◆ **THE PROBLEM**: Reproduce what is written in the records below exactly, and leave out the images.
___
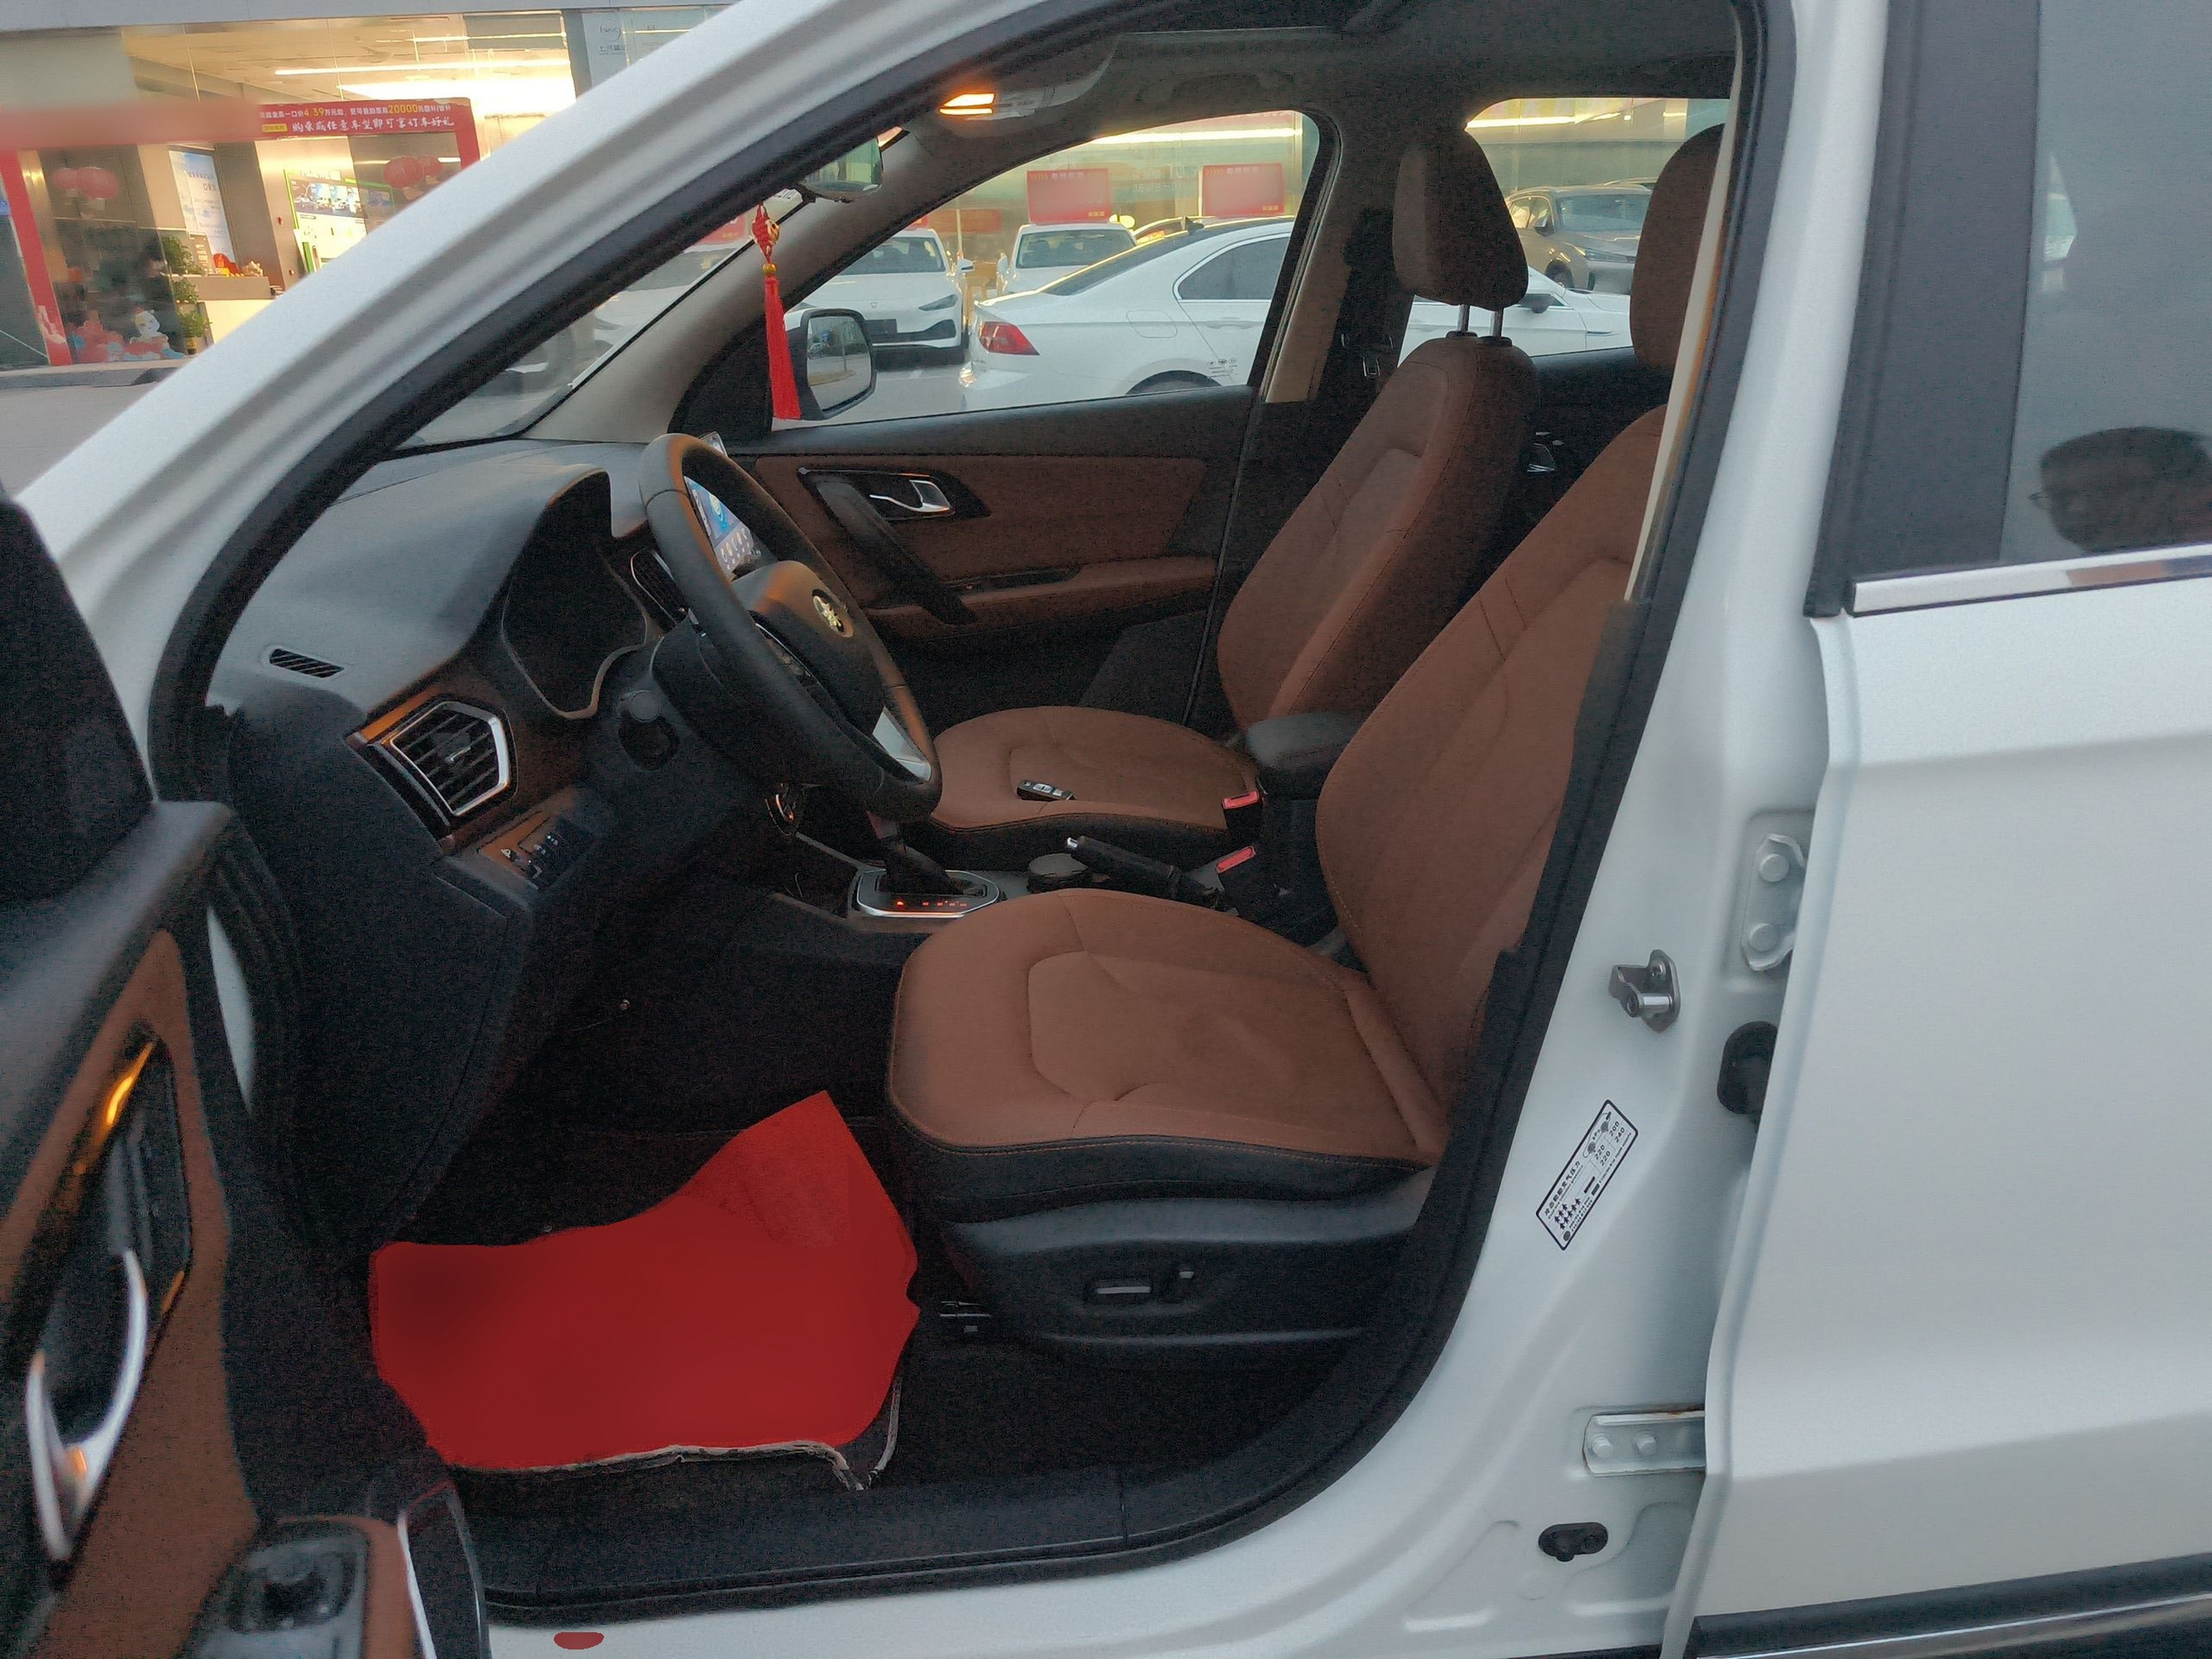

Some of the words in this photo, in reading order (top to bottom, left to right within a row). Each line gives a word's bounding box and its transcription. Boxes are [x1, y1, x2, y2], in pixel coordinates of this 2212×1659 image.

[1608, 1120, 1620, 1137] 200
[1614, 1127, 1626, 1143] 240
[1594, 1144, 1605, 1160] 220
[1600, 1150, 1611, 1167] 220
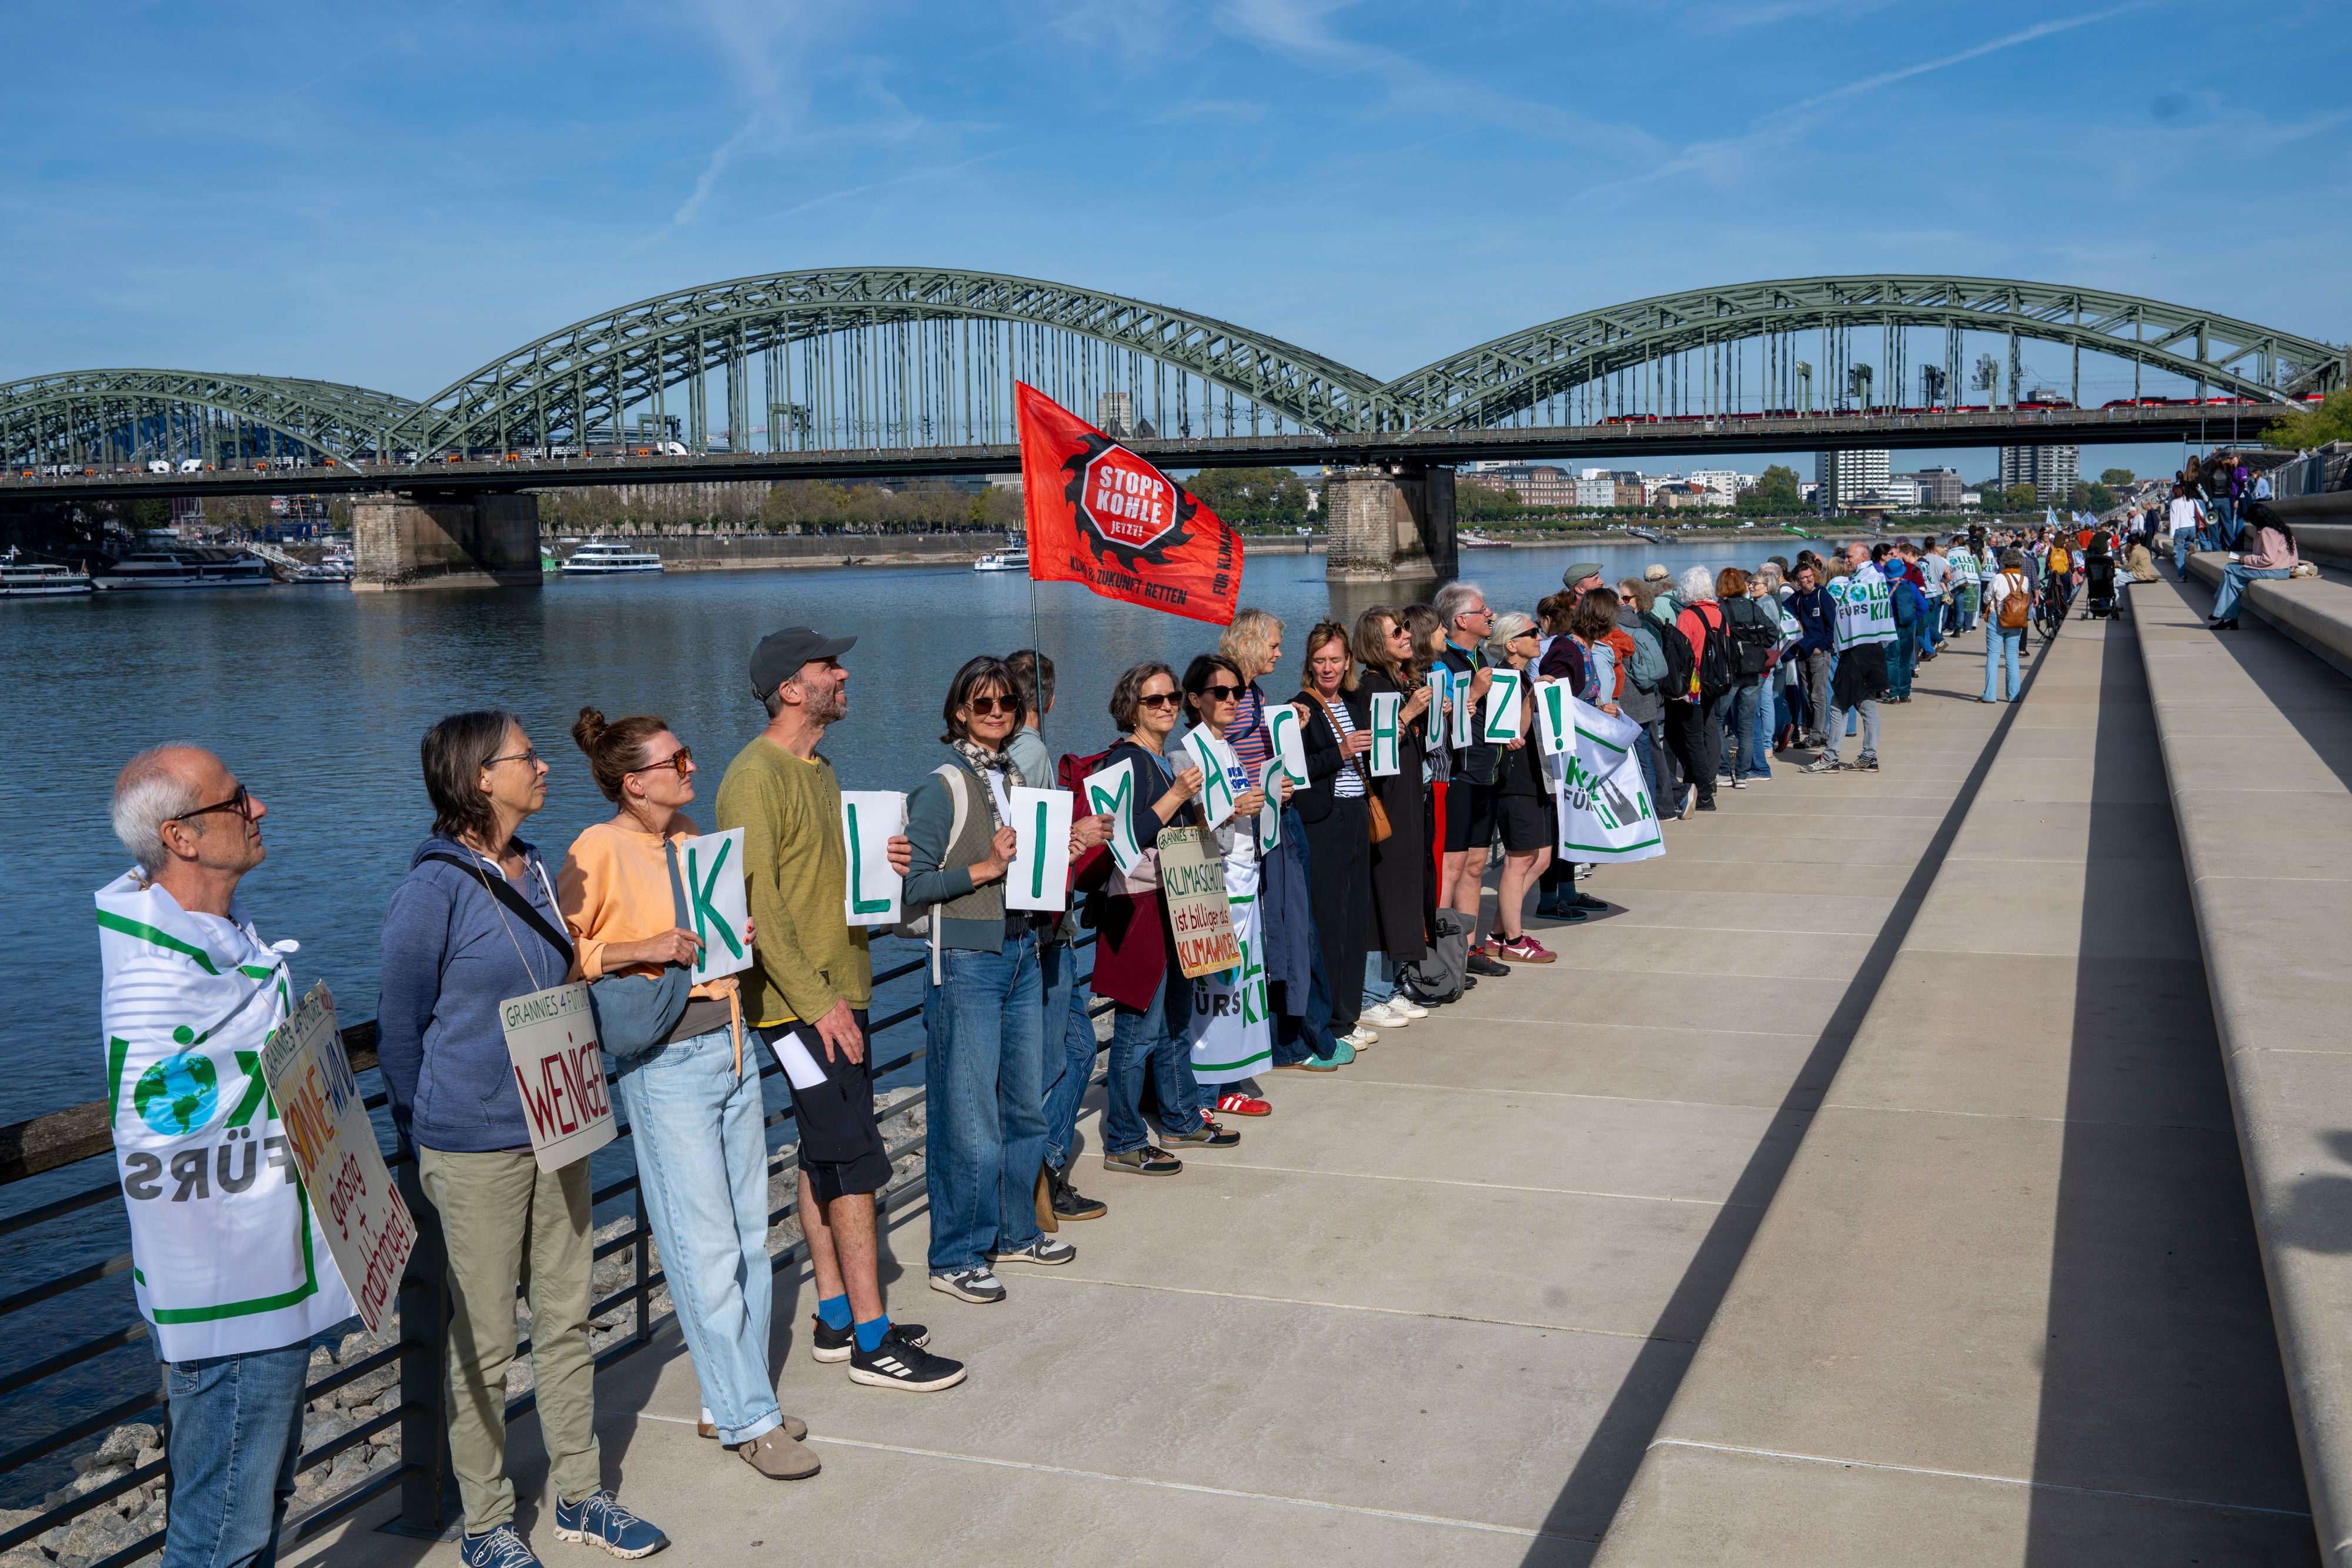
___
◆ **WRITTEN RESPONSE**:
Some of the words in this photo, in reading order (top to bottom, left to right within a row). Each line gives a word's bounding box and its transcription. Boxes are [x1, y1, x2, y2], in pixel coordinates of this 2212×1659 image.

[1608, 1120, 1620, 1137] 200
[1614, 1127, 1626, 1143] 240
[1594, 1144, 1605, 1160] 220
[1600, 1150, 1611, 1167] 220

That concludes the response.